Referring expression grounding data:
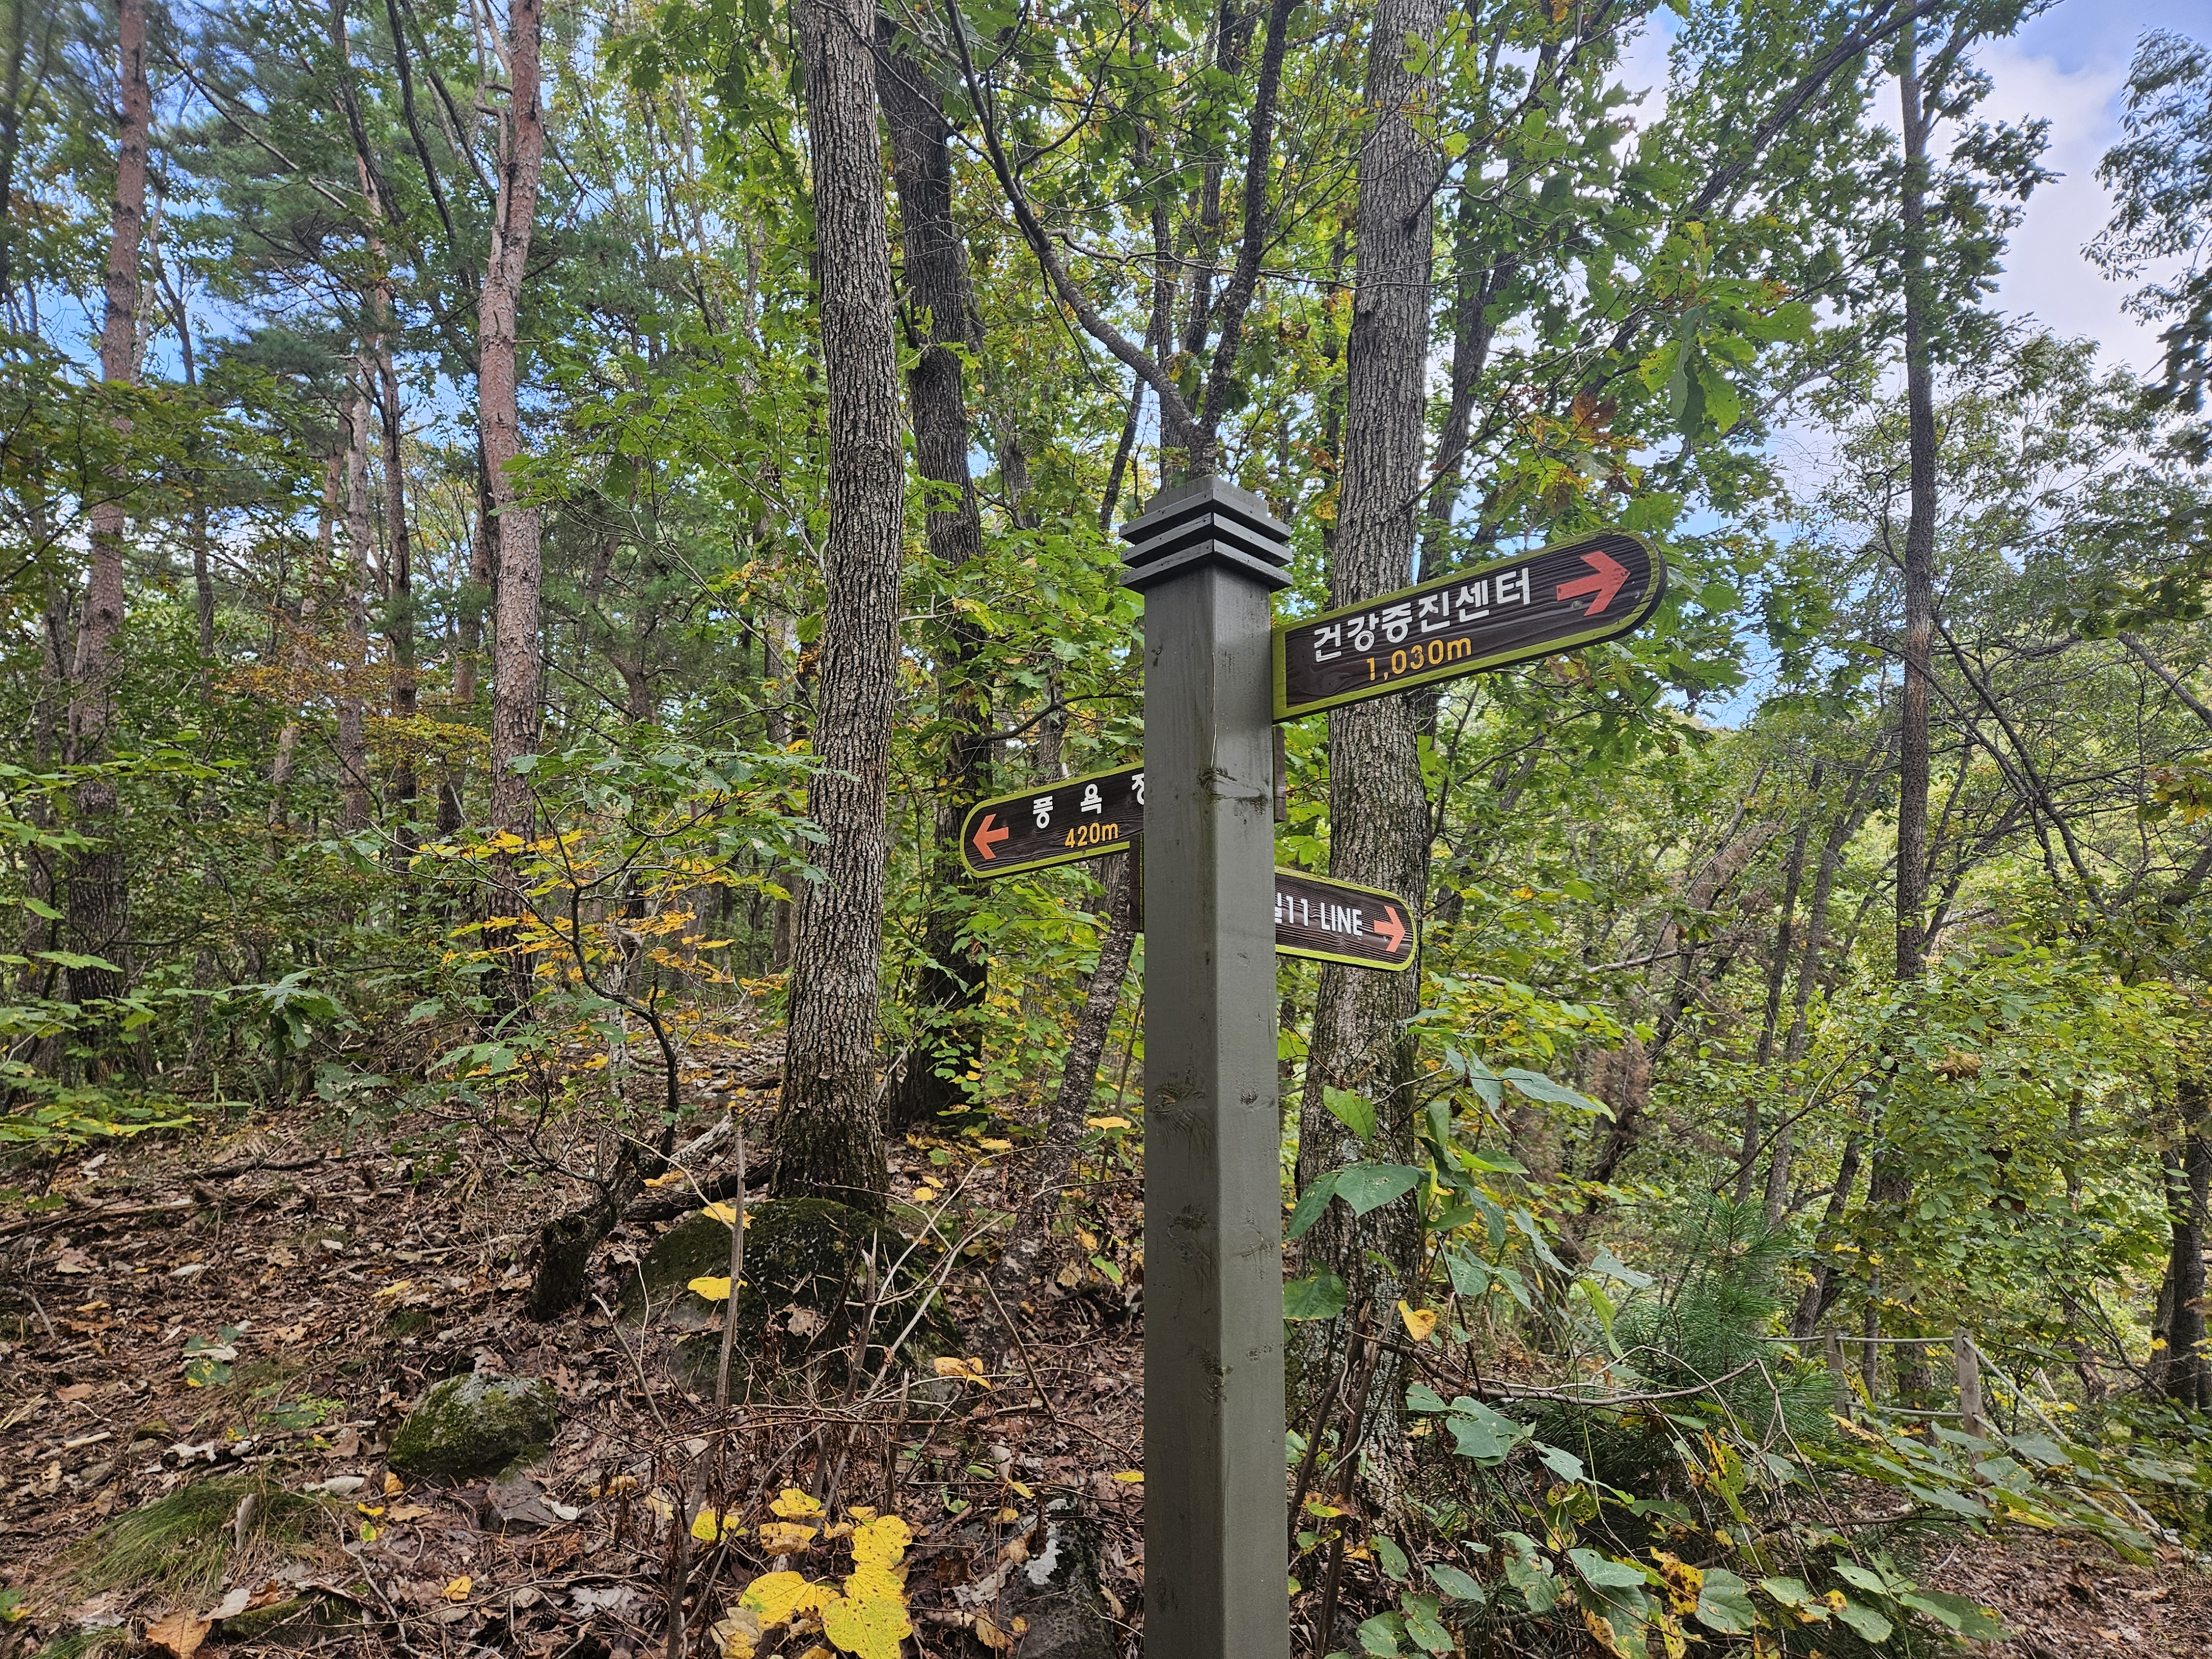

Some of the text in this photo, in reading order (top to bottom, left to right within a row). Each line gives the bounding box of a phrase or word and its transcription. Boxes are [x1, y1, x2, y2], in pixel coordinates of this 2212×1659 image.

[1313, 568, 1530, 662] 건강증진센터
[1366, 638, 1472, 681] 1,030m
[1065, 822, 1119, 848] 420m
[1321, 902, 1363, 936] LINE

■ PROBLEM: No images belong in the copy. Transcribe every record exactly.

■ TASK SOLUTION:
Some of the text in this photo, in reading order (top to bottom, left to right within a row). Each line gives the bounding box of a phrase or word and its transcription. Boxes are [x1, y1, x2, y2], in pixel coordinates of this 2212×1659 image.

[1313, 568, 1530, 662] 건강증진센터
[1366, 638, 1472, 681] 1,030m
[1065, 822, 1119, 848] 420m
[1321, 902, 1363, 936] LINE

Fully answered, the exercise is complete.